Yazarlar, bu konuda internet ortamında annelerin yanlış bilgiye ulaştıklarını ve bu nedenle de yanlış uygulama eğilimi içinde olduklarından söz etmekteler. Yine yazarlar, keçi sütünün bileşim olarak anne sütünden oldukça farklı olduğunu, eğer bu süt gerekli düzeltmeler (anne sütüne benzetmek amacıyla) yapılmadan bebeğe verilecek olursa, bebekte ciddi sorunlar ortaya çıkabileceğinden söz etmekteler. Bunu da bir vaka ile bilimsel olarak ortaya koymaktalar. Keçi sütünün de tıpkı inek üstü gibi, zamanından önce bebeğe verilmesi halinde, bebeğin yaşamını tehdit edebilecek pek çok metabolik soruna yol açtığı gösterilmiştir.”

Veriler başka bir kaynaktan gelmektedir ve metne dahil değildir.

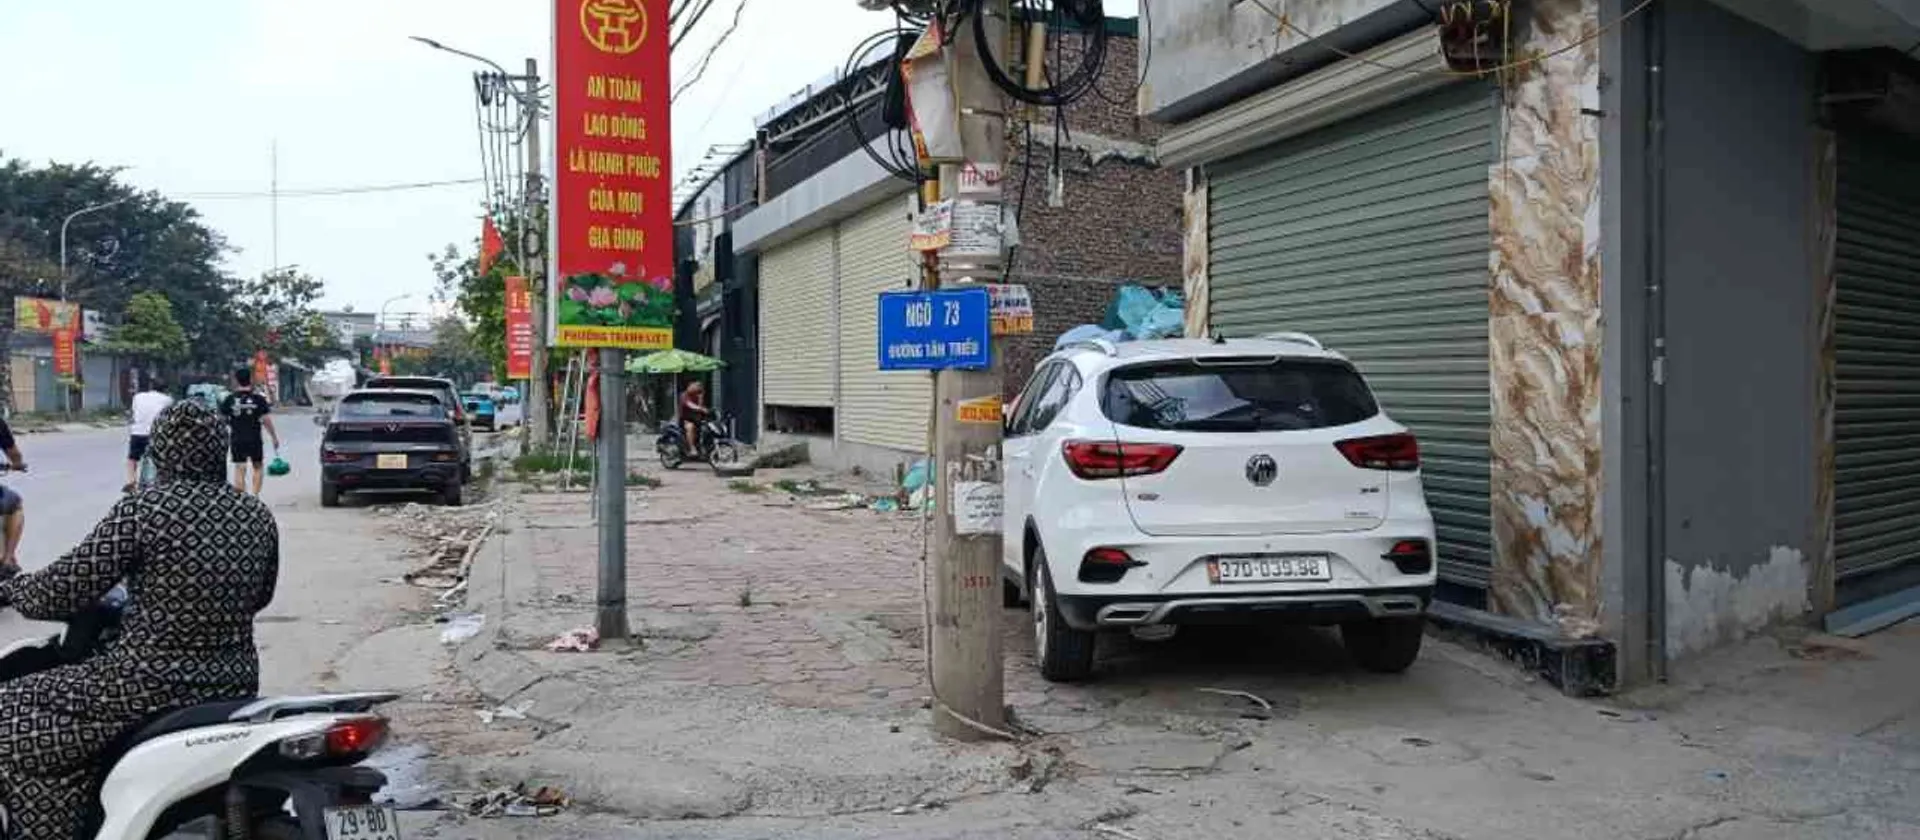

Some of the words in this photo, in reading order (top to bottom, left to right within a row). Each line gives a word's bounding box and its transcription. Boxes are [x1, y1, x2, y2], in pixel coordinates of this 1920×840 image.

DR. AHMET AYDIN: (Çocuk Metabolizma ve Beslenme Uzmanı): “KEÇİ SÜTÜ BİRÇOK AÇIDAN İNEK SÜTÜNDEN FARKLI” Dr. Ahmet Aydın, Hayy Kitap’tan yeni çıkan, “Otizme Çözüm Var” adlı kitapta, keçi sütü ile inek süt karşılaştırmasını şöyle yapıyor:
“-İnsan sütünün tümü hidrolize yani sindirilmiştir. Keçi sütünde bu oran yüzde 98 iken, inek sütünde daha düşüktür (yüzde 76-90). Hidrolize kazine karşı kazomorfin molekülleri oluşma olasılığı daha düşüktür.
-Keçi sütü anne sütü gibi kazein-2 ağırlıklıdır. Halbuki inek, koyun ve manda sütleri kazein 1 ağırlıklıdır. Otizm, diyabet ve alerjik hastalıklar kazein-1 ile ilişkilidir.
-Keçi sütünün kısa zincirli yağ asitleri ve gliserolü inek sütünkinden daha fazladır. Bu özellikler çocuk beslenmesi açısından çok önemlidir.
-Keçi sütü anne sütü gibi alkali niteliktedir. İnek sütü asit niteliktedir. Özgür dolaşan ineklerin sütleri nispeten nötrdür. Otlakta beslenmemiş inekten elde edilen, hele de pastörize ve homojenize sütler potasyum ve magnezyum gibi alkali yapıcı minarelleri kaybettiği için daha asidik olur. Asit süt bakteri, mantar ve virüslerin üremesini arttırdığı gibi osteoporoz eğilimini de arttırır.
-Günümüzde tüketilen sütün yüzde 90’dan fazlası inek sütüdür. Koyun ve keçi sütleri endüstriyel olmadığı için daha az üretilir. Keçi koyundan da farklıdır. Çok dik yerlere çıkar ve en körpe otları ve filizleri yer. Bu nedenle vitamin ve mineral açısından diğer hayvan sütlerinden daha zengindir.
-Keçi, deve, at sütü kullanılacaksa sürün süt şeklinde değil yoğurt, kefir, peynir gibi fermente şekillerinin tüketilmesi daha doğru bir seçim olacaktır. Çünkü fermente süt ürünlerinde kazeinin önemli bir bölümü sindirilir.
- Bu arada bebeklerde 1 yaşına kadar inek sütünün önerilmemesi, inek sütünün demir eksikliği ve alerji oluşturabilmesi nedeniyledir. Keçi sütünün folik asit eksikliği oluşturduğuna ait söylemler ise fazla abartılıdır.